Point 1 : ça fait 18 jours que je suis là et je n'ai pas été malade!
Je bois toujours de l'eau en bouteille (« sealed water »), je m'en sers même pour me brosser les dents, je ne mange pas la peau des fruits non lavés, je fronce un peu les sourcils quand dans les boui boui de la rue on me sert des légumes crus... donc je fais un peu attention mais je ne me prive pas justement de manger dans la rue et de goûter à tout ce qui me tente.

Après près de 3 semaines en immersion, j'affirme que ça rassure plus que ça n'inquiète de rentrer dans les cuisines ici.

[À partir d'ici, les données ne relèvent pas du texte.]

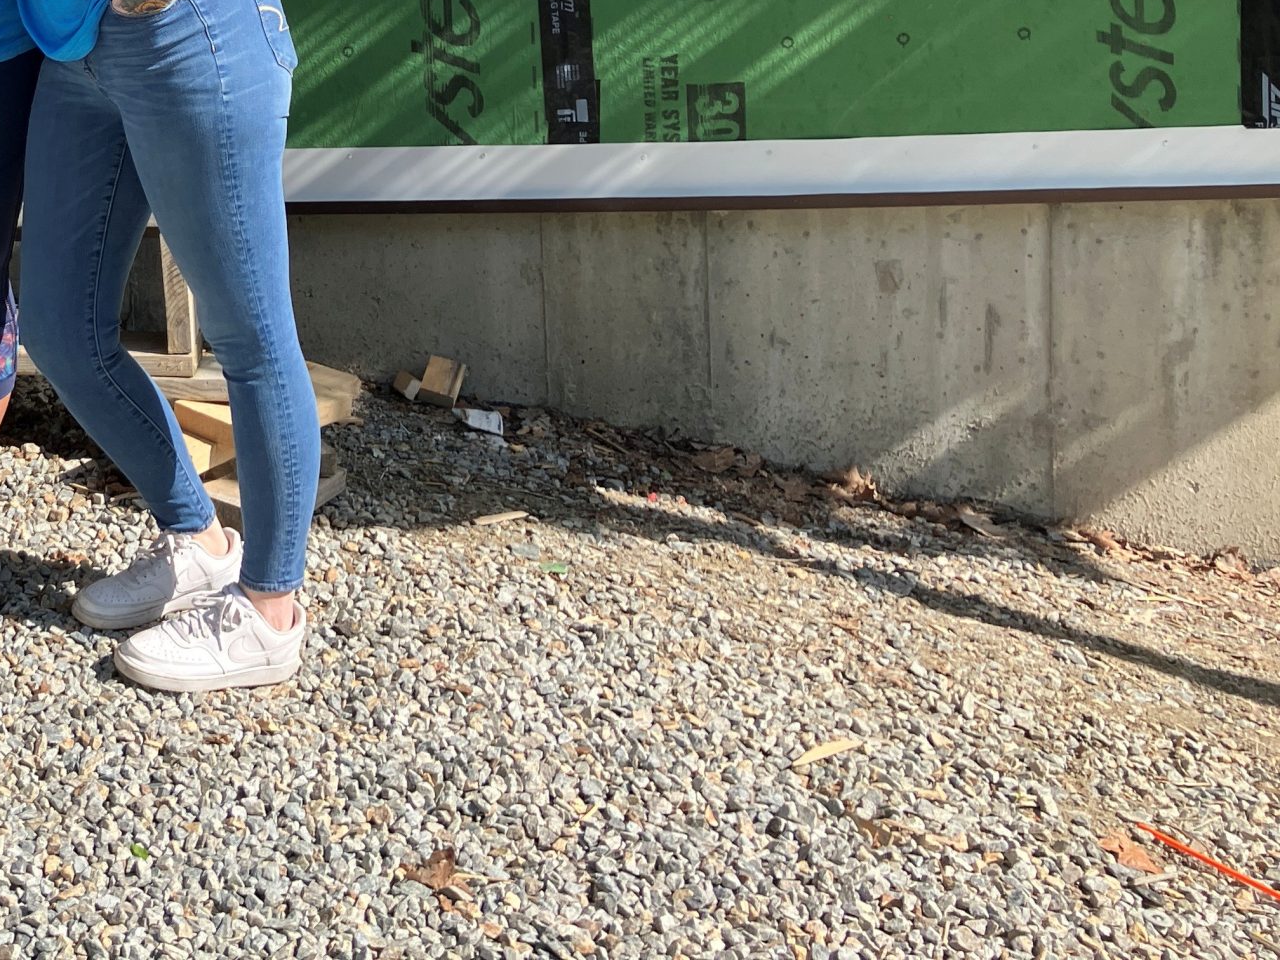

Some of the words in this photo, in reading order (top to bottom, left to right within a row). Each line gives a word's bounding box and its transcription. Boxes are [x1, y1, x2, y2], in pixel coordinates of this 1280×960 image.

[551, 11, 561, 35] TAPE
[642, 57, 656, 108] LIMITED
[660, 53, 679, 101] YEAR
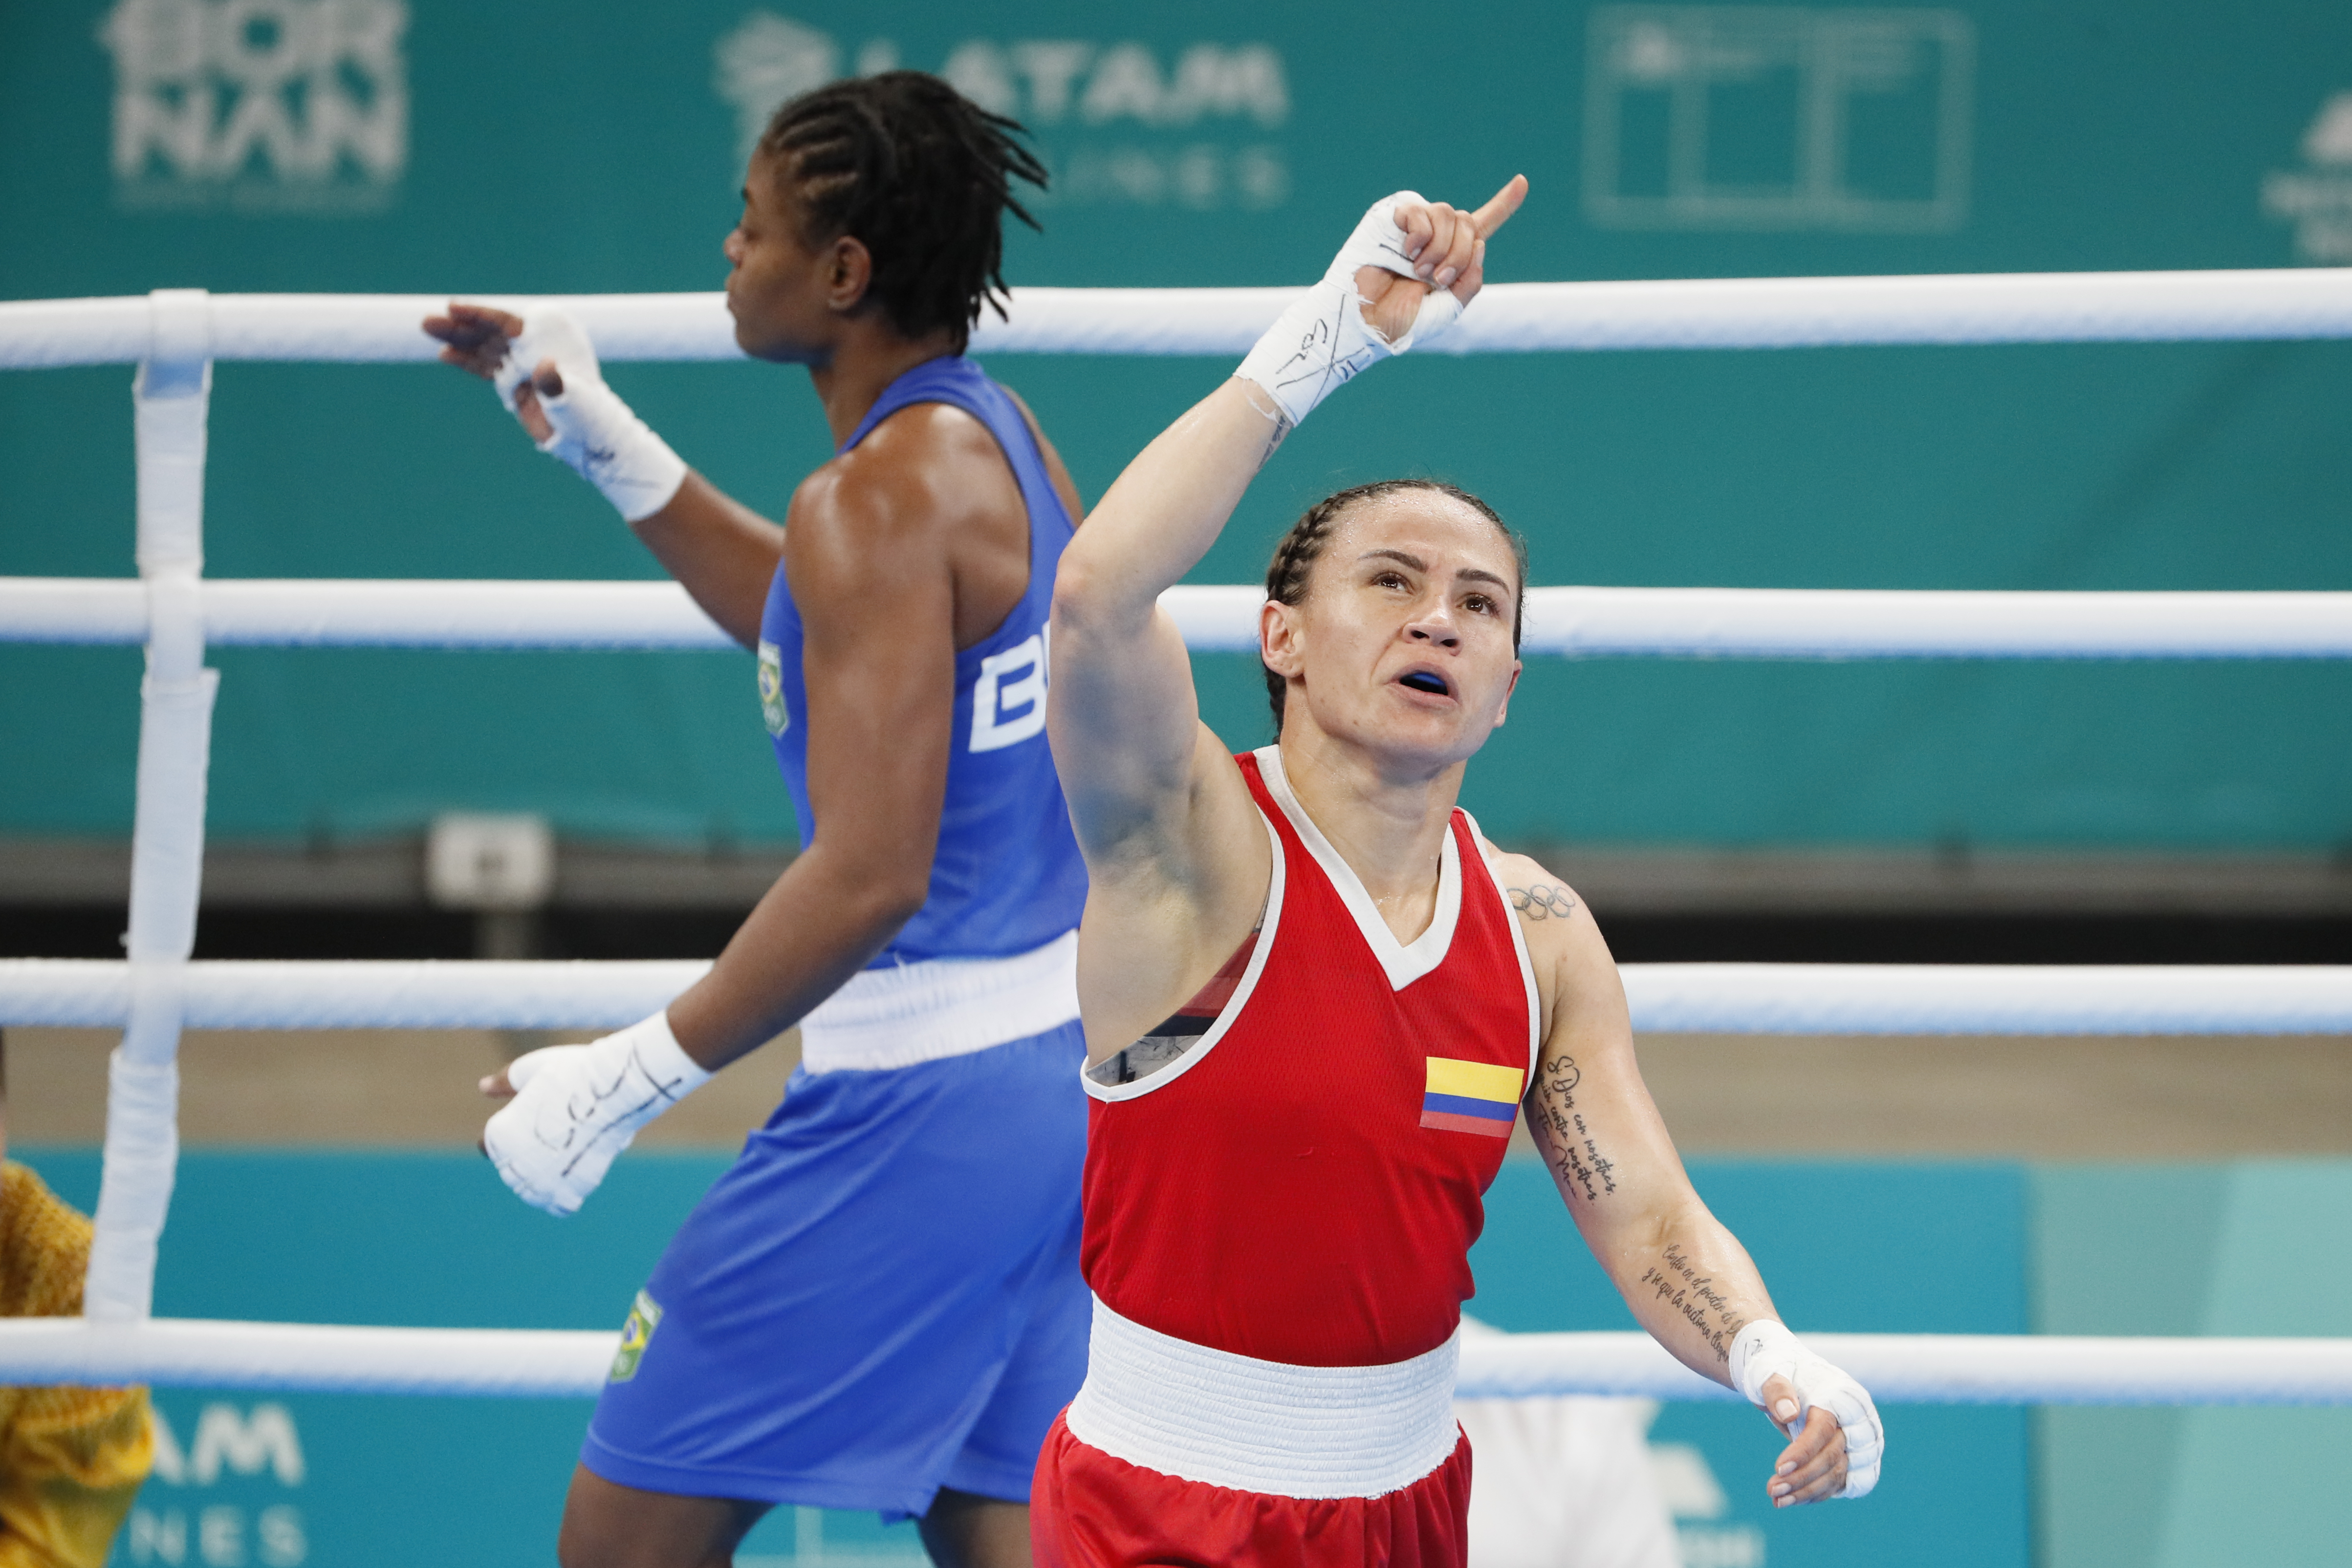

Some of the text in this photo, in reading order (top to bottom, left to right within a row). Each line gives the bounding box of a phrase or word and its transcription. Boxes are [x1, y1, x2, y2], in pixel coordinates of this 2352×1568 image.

[110, 59, 408, 180] NAN
[968, 620, 1050, 753] B
[1550, 1106, 1568, 1142] contra
[1552, 1067, 1580, 1109] Dios
[1573, 1114, 1587, 1135] con
[1655, 1282, 1675, 1300] que
[1672, 1289, 1686, 1309] la
[1682, 1303, 1711, 1340] victoria
[1693, 1286, 1727, 1312] poder

Parlons donc sécurité alimentaire.

J'ai passé une bonne partie de la journée dans la maison d'un monsieur qui sert les petits déjeuners sur la plage, pour que l'on prépare ensemble un repas. Il m'a fait part d'un rituel lié à une croyance, très important pour eux : on se lave les mains avant de toucher la nourriture ! Quand les religieux édictaient des doctrines pour protéger le bon peuple...
N'empêche, on se lave donc les mains avant de toucher la nourriture (bon pas avant d'éplucher les légumes, soit !). Et dans le moindre restaurant en dur où je suis allée, on dispose d'un point d'eau pour se laver les mains avant et après manger. Après ça s'impose, vu qu'on mange la plupart du temps avec les mains !
En cuisine, aussi, la pratique veut que l'on laisse tremper les légumes épluchés et coupés quelques minutes dans l'eau avant de les égoutter et les rincer. Halte là, les vitamines s'échappent ! Oui, mais les pesticides et la terre aussi ! On peut pas tout avoir !
Et globalement on mange cuit à très cuit. A cela, ajoutons que les épices protègent quand même un peu des bébêtes. La religion, la sagesse populaire, les coutumes font qu'en général chaque population a trouvé des moyens adaptés pour satisfaire la sécurité sanitaire de son alimentation.
On peut être un peu étonné de voir les productions du jour stagner à température ambiante pendant plus de 2 heures entre la production et la fin du service, et d'ailleurs on mange parfois un peu tiède froid dans les maisons. Ben, euh... les épices ?
Là où ça se complique, c'est peut-être quand on joue à faire comme si on était en Europe et à vouloir jouer avec la chaîne du froid, avec les produits conservés au frigo et les crèmes glacées.
Quid de la température extérieure pendant le trajet entre le magasin et le lieu de consommation, qui aurait de quoi faire se hérisser les cheveux d'un bactériologiste, et des pannes de courant quotidiennes ?
A noter : l'Inde n'est pas indépendante énergétiquement, alors tous les matins de 8h à 9h c'est « power cut », et en général il y a une autre coupure dans la journée. Euh, l'autonomie des frigos et congélateurs... ?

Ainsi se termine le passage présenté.